Estos son los hechos que gestan el argumento del que se vale Alexievich, pero hilando mucho más allá de la compasión y la resignación. Se inmiscuye en la memoria colectiva, los testimonios de todo tipo de personas (niños, académicos, enfermeras), sin desmerecer ninguno, incluso a los que la critican por escribir y no sentir, como reconociendo que cada experiencia es un ladrillo de la verdad última. Muestra incluso el medio de expresión de los animales que antes de la catástrofe migraron y que después poblaron las localidades abandonadas, extrañados por la ausencia de ese otro animal errático que es el hombre. Y así, de este medio centenar de monólogos brota la maldad de los desesperados y el misterio insolente de la física nuclear, volviendo una y otra vez en la línea de tiempo entre 1986 y las tres décadas siguientes para sopesar las consecuencias. Se dispara hacia el futuro:
En Chernóbil se recuerda ante todo la vida ‘después de todo’: los objetos sin el hombre, los paisajes sin el hombre (…) En más de una ocasión me ha parecido estar anotando el futuro.
Con un ex ejemplo consigue parir una crónica cruenta acerca de cómo terminará todo. Así, la autora de este libro no es Svetlana Alexievich, como figura en la cubierta. La obra es un almacén de retazos de vida de los verdaderos autores y la aparición inconstante de una entrevistadora taciturna que en un fragmento se interpela a sí misma para entender qué significó «eso» y por qué hace «esto».

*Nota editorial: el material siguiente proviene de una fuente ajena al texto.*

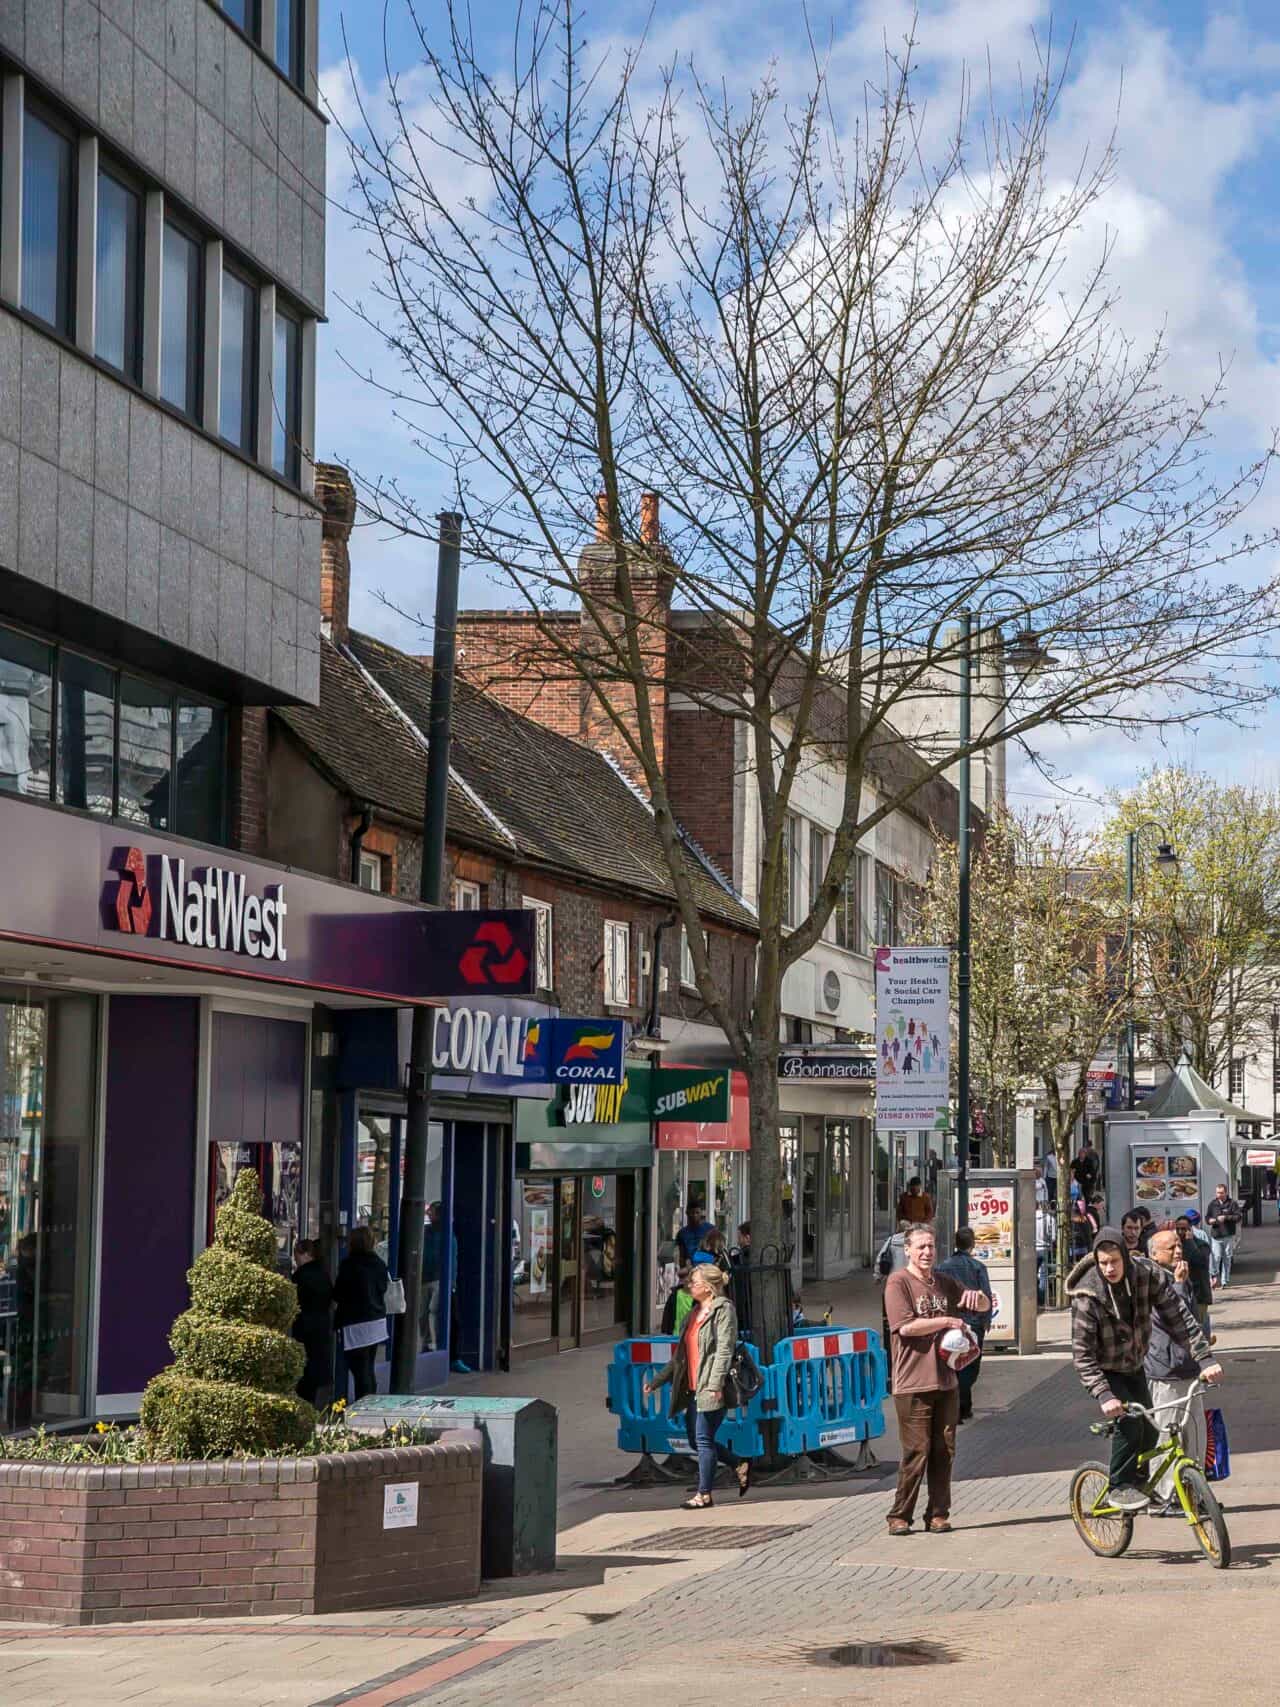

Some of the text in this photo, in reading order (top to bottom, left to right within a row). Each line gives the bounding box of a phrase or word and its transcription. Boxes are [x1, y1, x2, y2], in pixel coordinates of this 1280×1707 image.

[160, 854, 287, 962] NatWest
[432, 1007, 525, 1077] CORAL
[556, 1066, 617, 1079] CORAL
[564, 1078, 629, 1124] SUBWAY
[654, 1076, 724, 1116] SUBWAY
[980, 1199, 1009, 1216] 99p
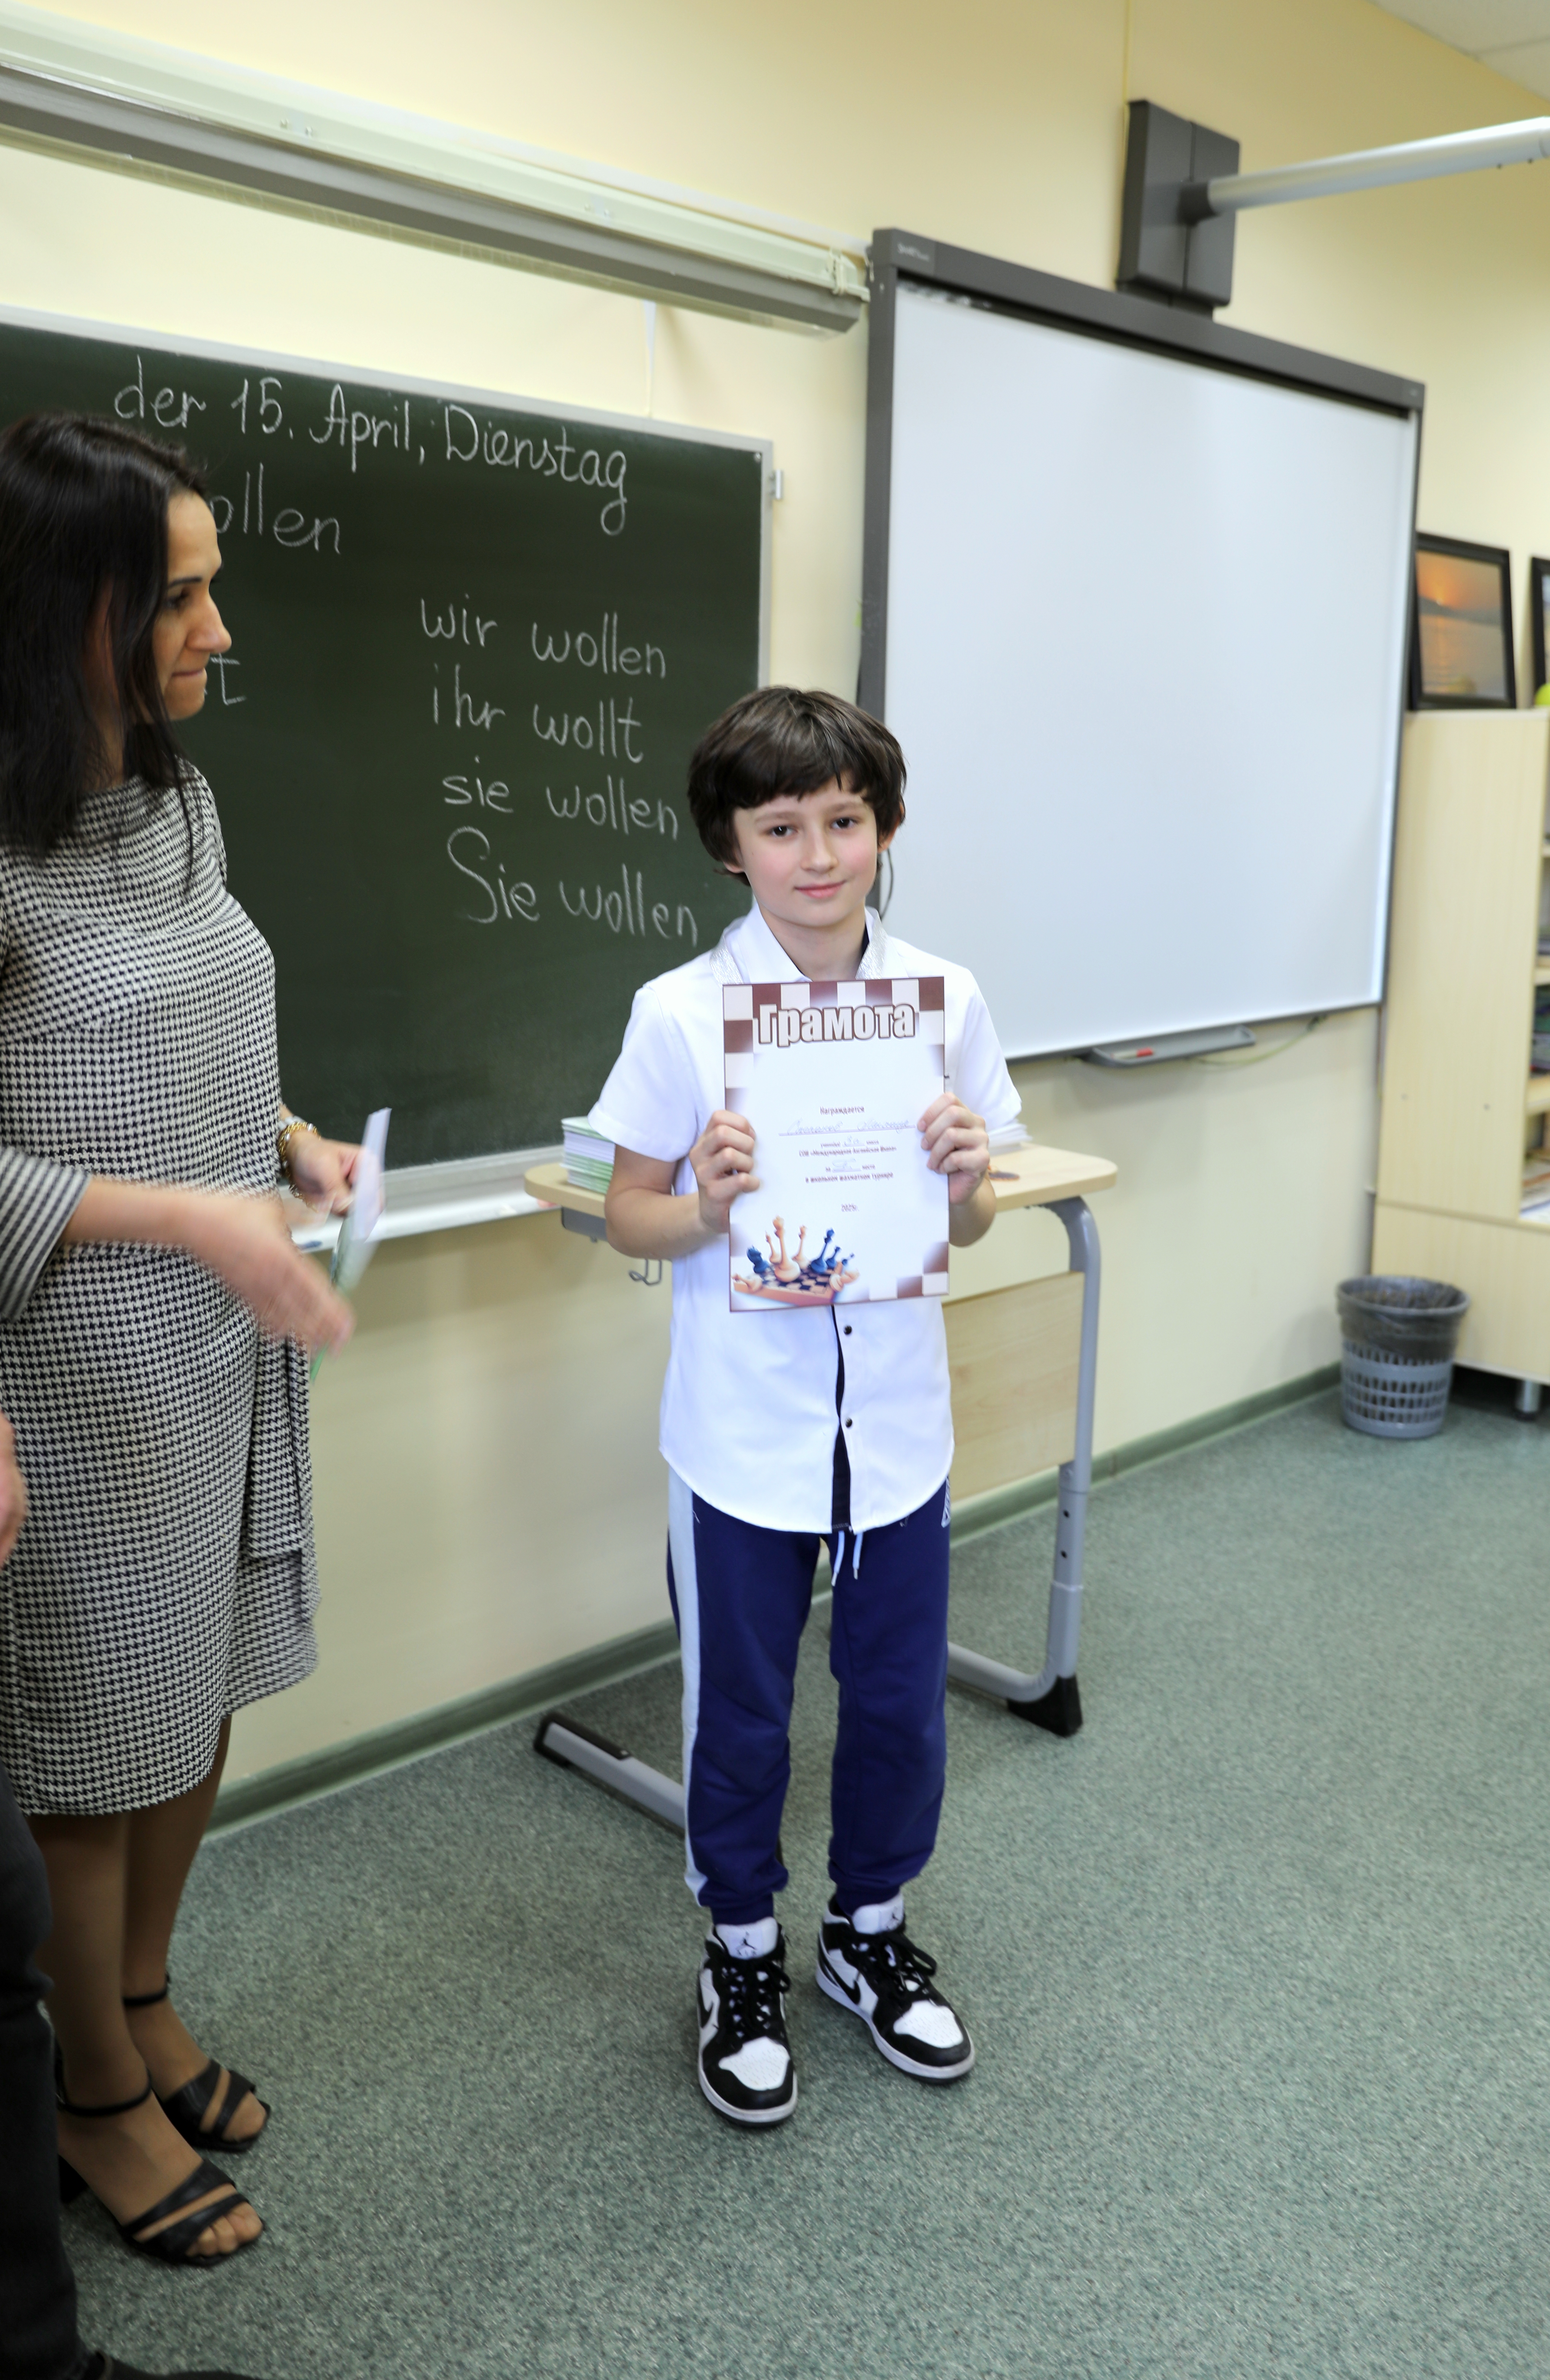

No está desde fuera mirándolo todo, imposible que lo esté, porque pertenece a esa tierra condenada por generaciones a una mutación genética tras otra, con una nube sobre sus cabezas tan intangible como la desgracia de un pueblo memorioso que es al mismo tiempo un narrador, un Tiresias contemporáneo y una Fuenteovejuna sin gozo de justicia.